Exercise description:
Transcribe the records below exactly, leaving out any pictures.

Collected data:
____________
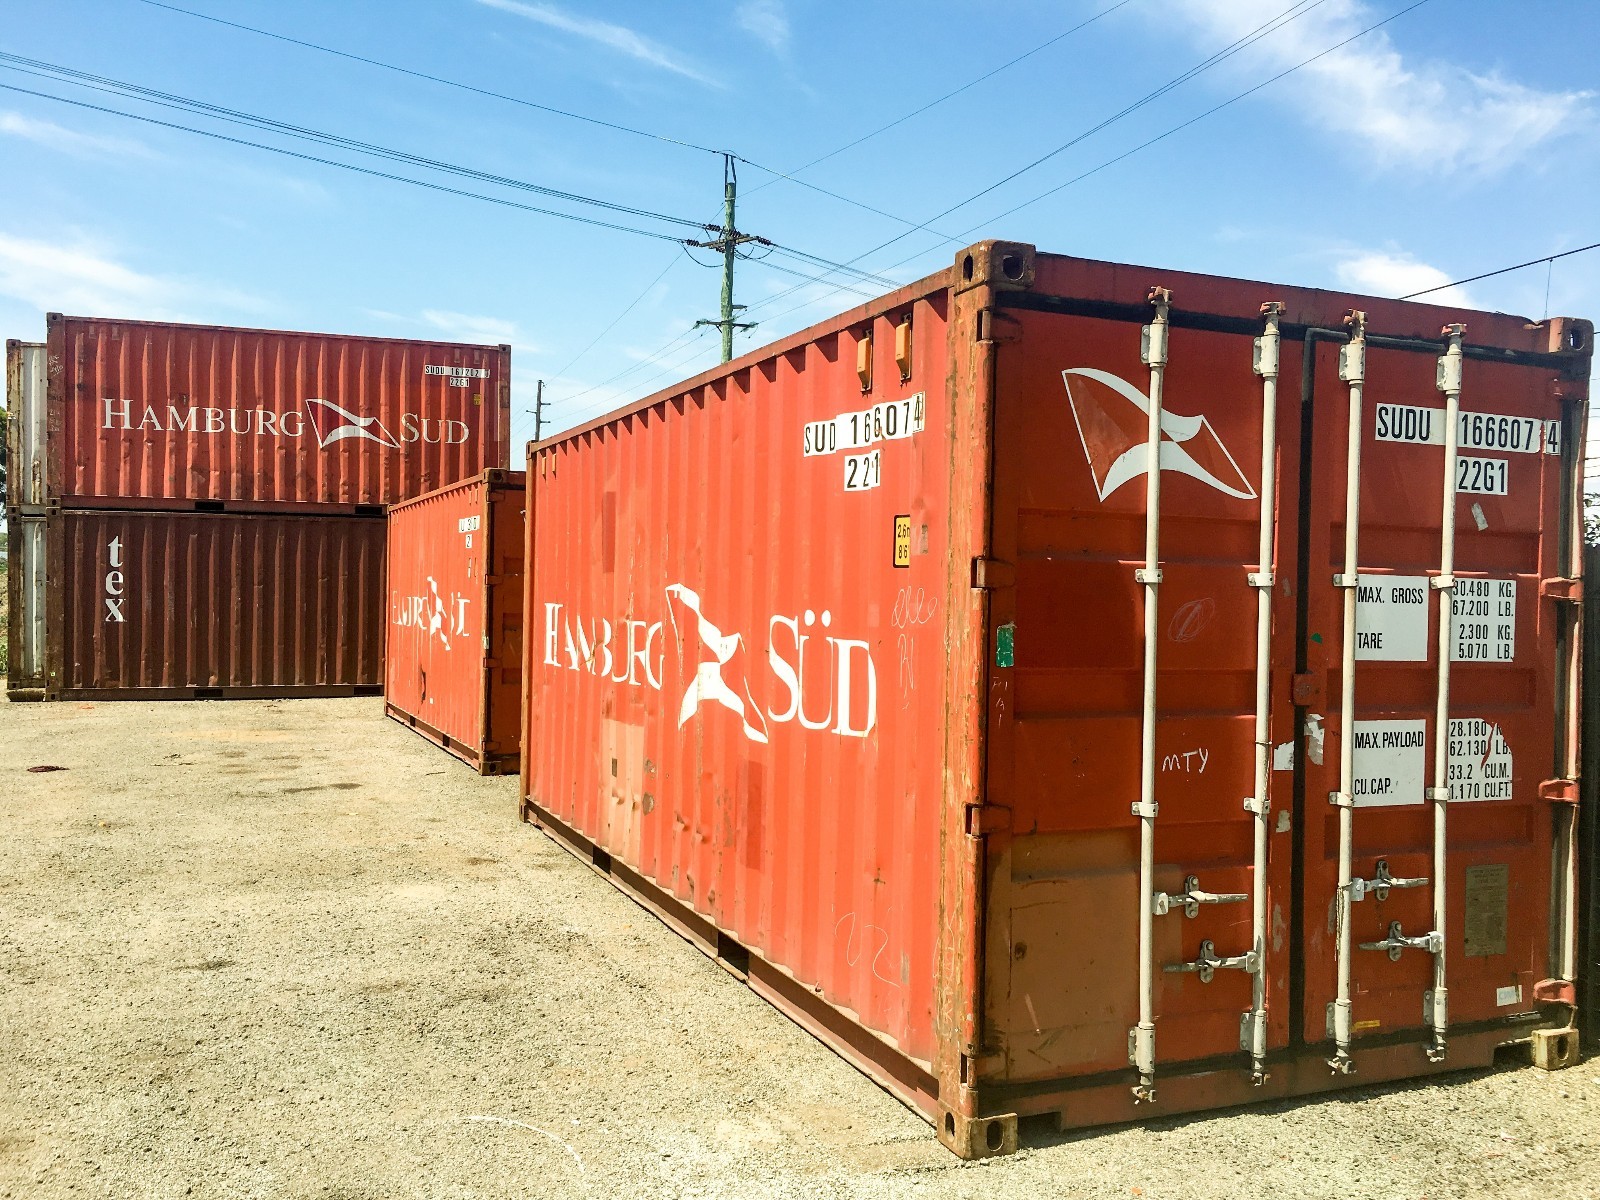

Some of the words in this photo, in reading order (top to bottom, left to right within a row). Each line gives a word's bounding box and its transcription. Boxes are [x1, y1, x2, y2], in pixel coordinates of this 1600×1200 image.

[101, 398, 306, 437] HAMBURG
[1377, 406, 1431, 442] SUDU
[1458, 459, 1506, 493] 22G1
[106, 535, 125, 622] tex
[1357, 587, 1385, 603] MAX.
[1391, 588, 1424, 604] GROSS
[1357, 633, 1383, 649] TARE
[767, 608, 877, 738] SÜD
[1354, 733, 1380, 749] MAX.
[1382, 732, 1424, 748] PAYLOAD
[1162, 748, 1209, 774] MTY
[1449, 764, 1473, 780] 33.2
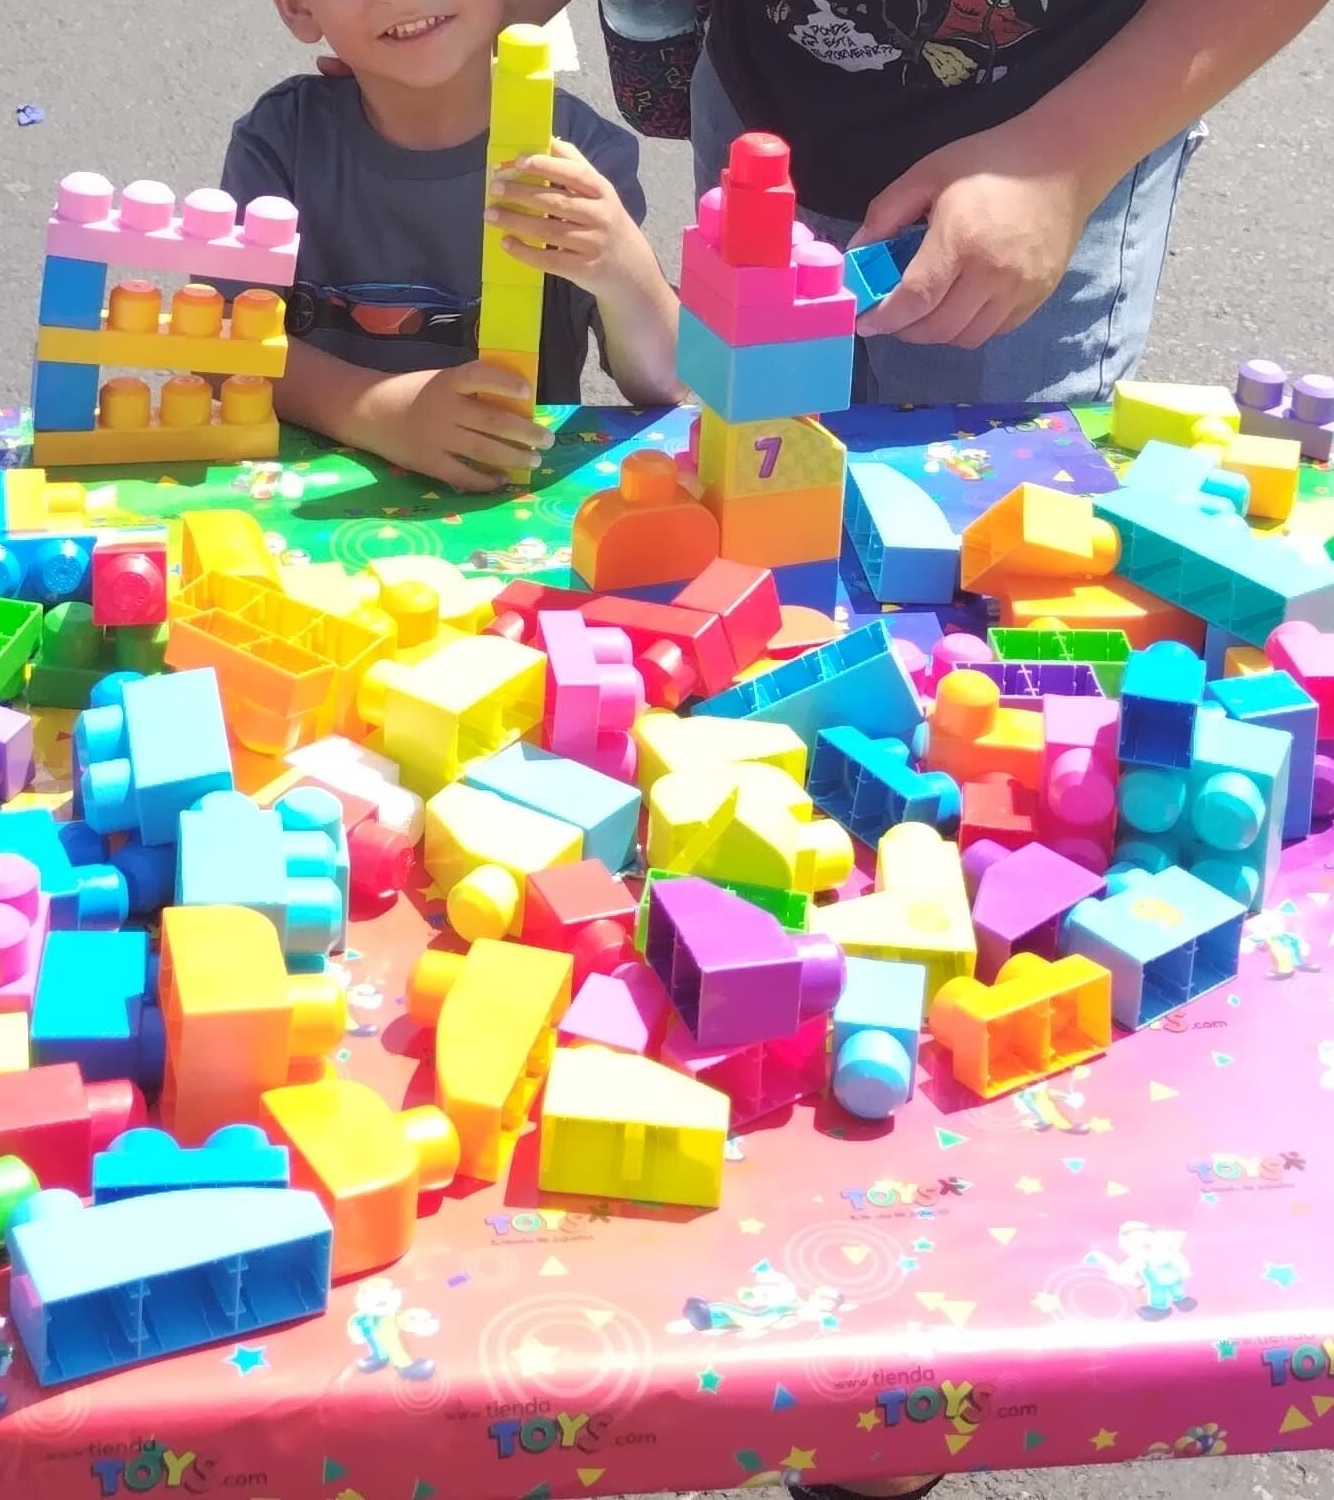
____________
Output below:
Some of the words in this photo, in reading order (top to bottom, left to right within a row). Each line gives a word's bounding box and its transcription. Boxes are [x1, y1, x2, y2], in pixel coordinates of this 1600×1200 image.

[101, 398, 306, 437] HAMBURG
[1377, 406, 1431, 442] SUDU
[1458, 459, 1506, 493] 22G1
[106, 535, 125, 622] tex
[1357, 587, 1385, 603] MAX.
[1391, 588, 1424, 604] GROSS
[1357, 633, 1383, 649] TARE
[767, 608, 877, 738] SÜD
[1354, 733, 1380, 749] MAX.
[1382, 732, 1424, 748] PAYLOAD
[1162, 748, 1209, 774] MTY
[1449, 764, 1473, 780] 33.2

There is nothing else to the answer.